When my friend messaged me a snapshot of an article from TimeOut, advertising Depart as a ‘Circus in a Cemetery’, with the caption ‘Interested?’ well…my reply?
You know me too well.
DEPART CIRCUS : A guided tour through the underworld in Tower Hamlets Cemetery
Black robes catch in the wind as they stride forward, slowly weaving through the gathered audience, captivating every watcher. Their voices begin to rise, no longer a whisper, no longer a breath caught away by the wind; the melody creeps into our ears. Above us the dancer takes his last, slow, pained glimpse into the distance as we depart.
This is DEPART, our chance to ‘grasp the ungraspable, a circus to guide us through the underworld’. We gathered in the growing dusk at the gates of Tower Hamlets Cemetery park on a drizzly Sunday evening, sheltering under the trees as the droplets smattered the lush green grass around us, waiting for darkness to fall.

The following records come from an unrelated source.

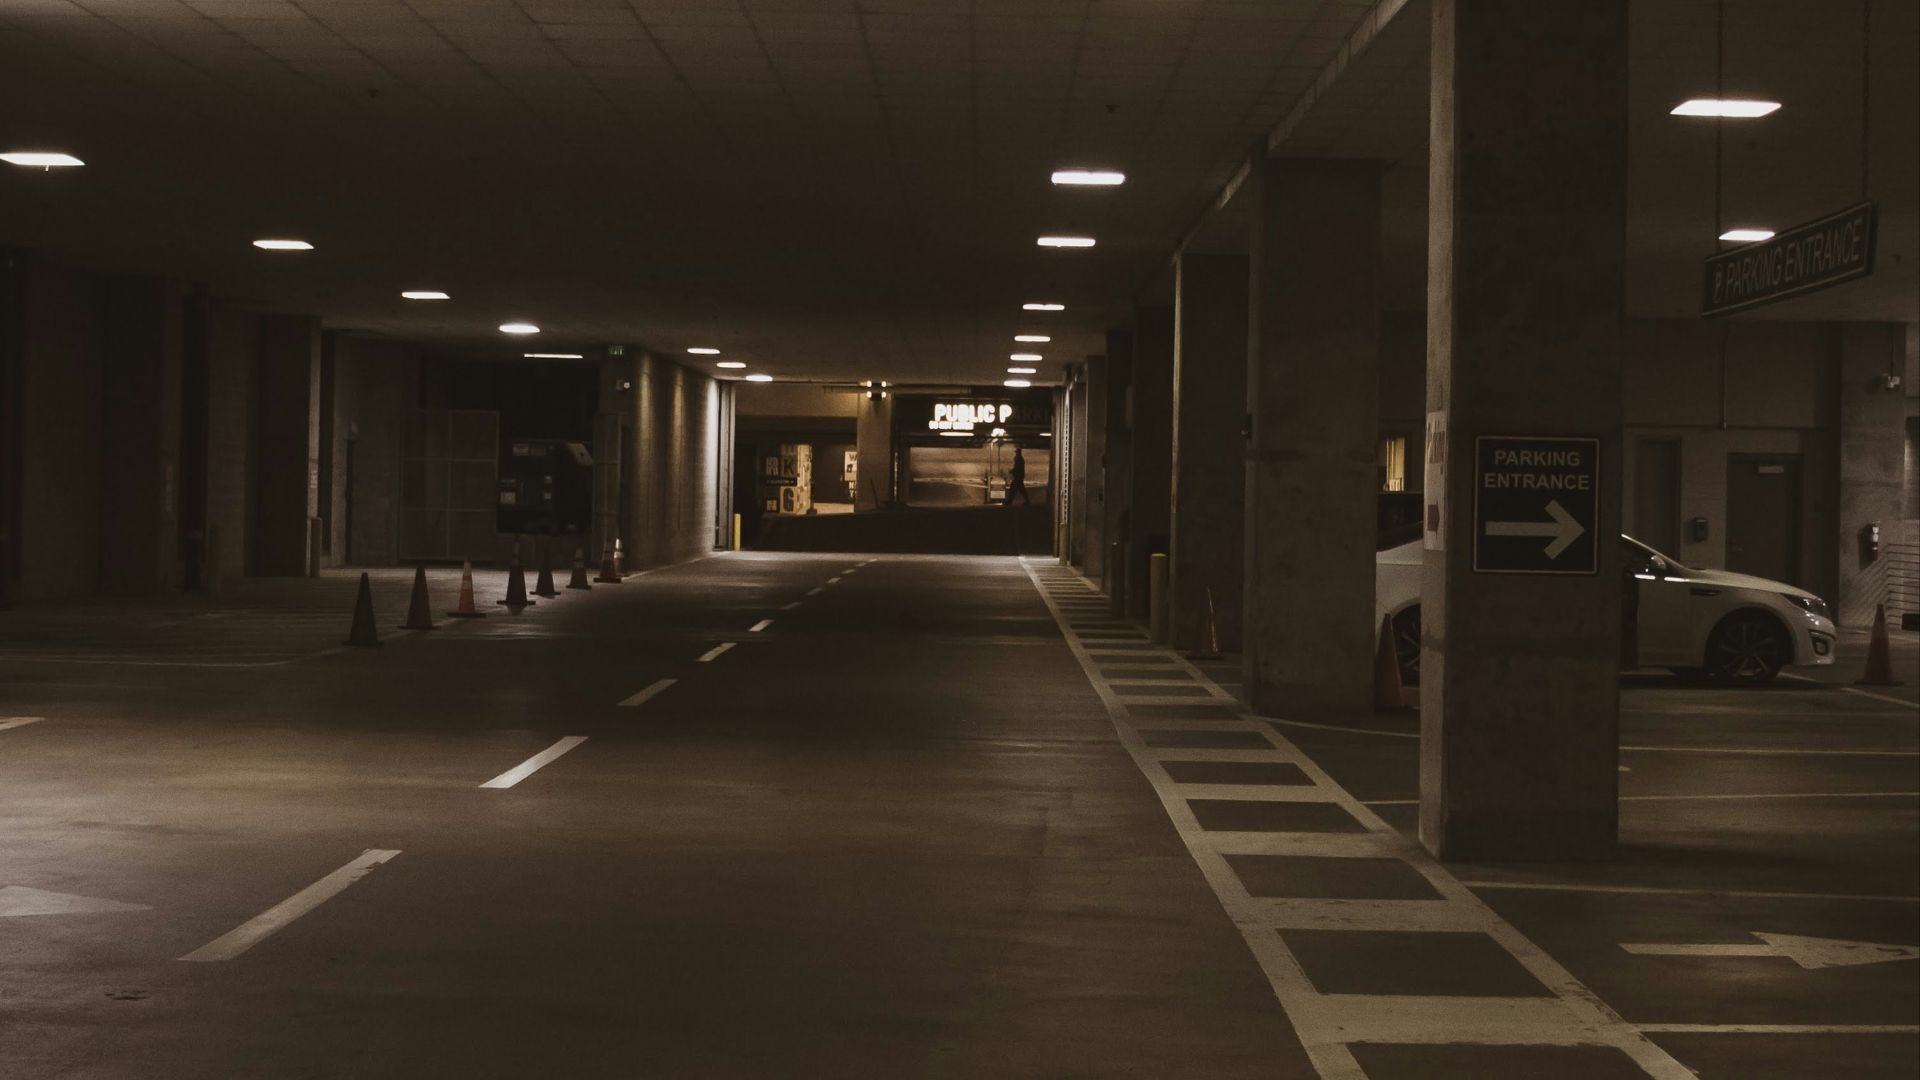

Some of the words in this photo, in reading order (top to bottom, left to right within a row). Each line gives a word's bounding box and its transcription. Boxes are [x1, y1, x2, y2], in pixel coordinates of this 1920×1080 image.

[1725, 247, 1782, 298] PARKING
[1784, 218, 1863, 282] ENTRANCE
[935, 404, 995, 423] PUBLIC
[1494, 450, 1581, 467] PARKING
[1484, 473, 1590, 490] ENTRANCE
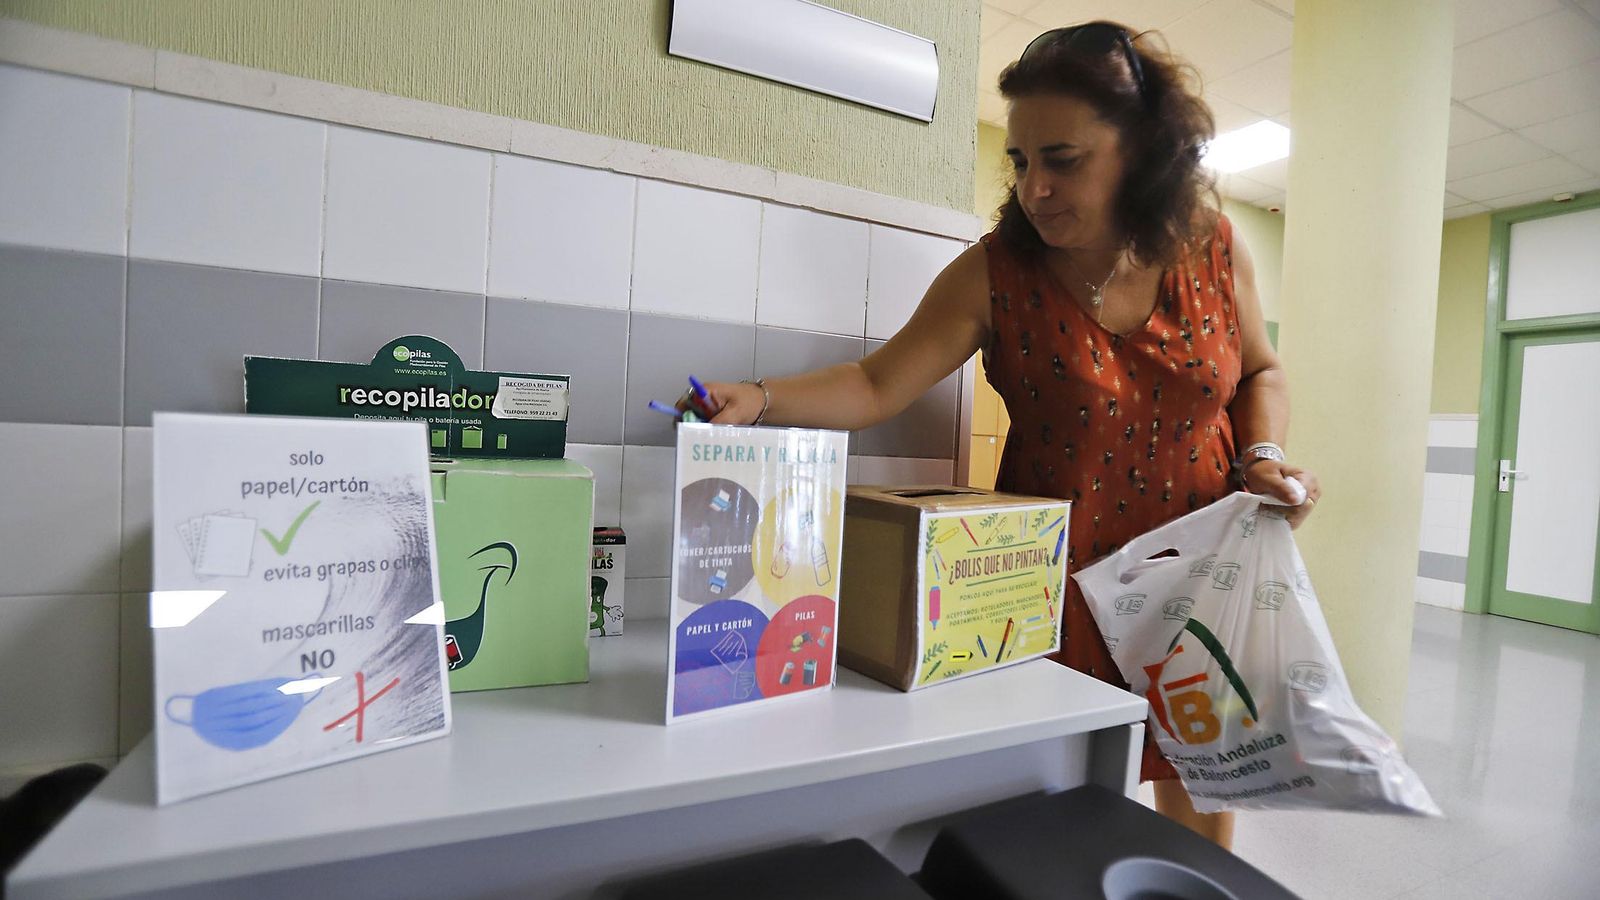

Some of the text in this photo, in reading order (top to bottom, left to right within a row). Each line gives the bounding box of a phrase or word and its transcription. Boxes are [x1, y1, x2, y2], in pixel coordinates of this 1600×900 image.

[393, 368, 447, 376] www.ecopilas.es
[340, 387, 494, 412] recopilador
[289, 450, 324, 466] solo
[693, 444, 756, 462] SEPARA
[764, 446, 772, 462] Y
[241, 476, 369, 499] papel/cartón
[263, 562, 311, 582] evita
[317, 559, 376, 582] grapas
[380, 559, 389, 571] o
[591, 559, 613, 569] ILAS
[699, 558, 733, 568] DE TINTA
[948, 547, 1048, 585] ¿BOLIS QUE NO PINTAN?
[686, 617, 753, 636] PAPEL Y CARTÓN
[795, 610, 816, 621] PILAS
[262, 614, 375, 644] mascarillas
[300, 649, 335, 673] NO
[1218, 733, 1287, 765] Andaluza
[1187, 759, 1272, 782] de Baloncesto

We’ve been given a small black card with the four rules of the evening printed across it in ominous block capitals. WALK IN SILENCE. DO NOT TAKE PHOTOS. FOLLOW THE PATH + KEEP WALKING. LOOK UP, DON’T LOOK BACK. My friend sucks in a breath and lets out a quick laugh as she reads the instructions. But it’s an awkward laugh — we are already captivated.
Circa is a name set apart in the world of circus performing arts, and the Depart Circus is unique within that — an opportunity to see a circus performance within the grounds of a hallowed cemetery after dark. Despite having a long standing love of most things macabre, and being a self confessed taphophile (thats someone with an extreme fondness for graveyards), I have to admit I wasn’t sure what I was expecting, and any small whiff of an expectation that had begun to paint my vivid imagination was completely displaced once the black robed, torch bearing guides led us down the wending paths into the depths of the overgrown wonderland. Tower Hamlets is one of the Magnificent Seven, London’s great Victorian cemeteries. The overgrown memorial trees, rampant vines and tumbling stone have long reclaimed the orderly Victorian garden space that the cemetery once was, and our first encounter in the deepening night was with rope aerialists twisting, writhing and hanging in slow motion from the trees above our heads.
When Daisy Drury, Director of Circus Development at the National Centre for Circus Arts took up the challenge to create a theatre production that was properly frightening, I wonder if she had in mind such a perfect juxtaposition of terror and beauty? She admitted that by the end of the 5 year journey that it took to bring Depart to our curious stage, the desire to frighten had long passed. Instead it became a fully immersive story to expose the lengths and depths that circus can reach. On Sunday evening, these were depths we searched, along with deeper observation of our own souls as we trudged wonder-filled through the darkened paths of the dead, honouring their resting place with a little company.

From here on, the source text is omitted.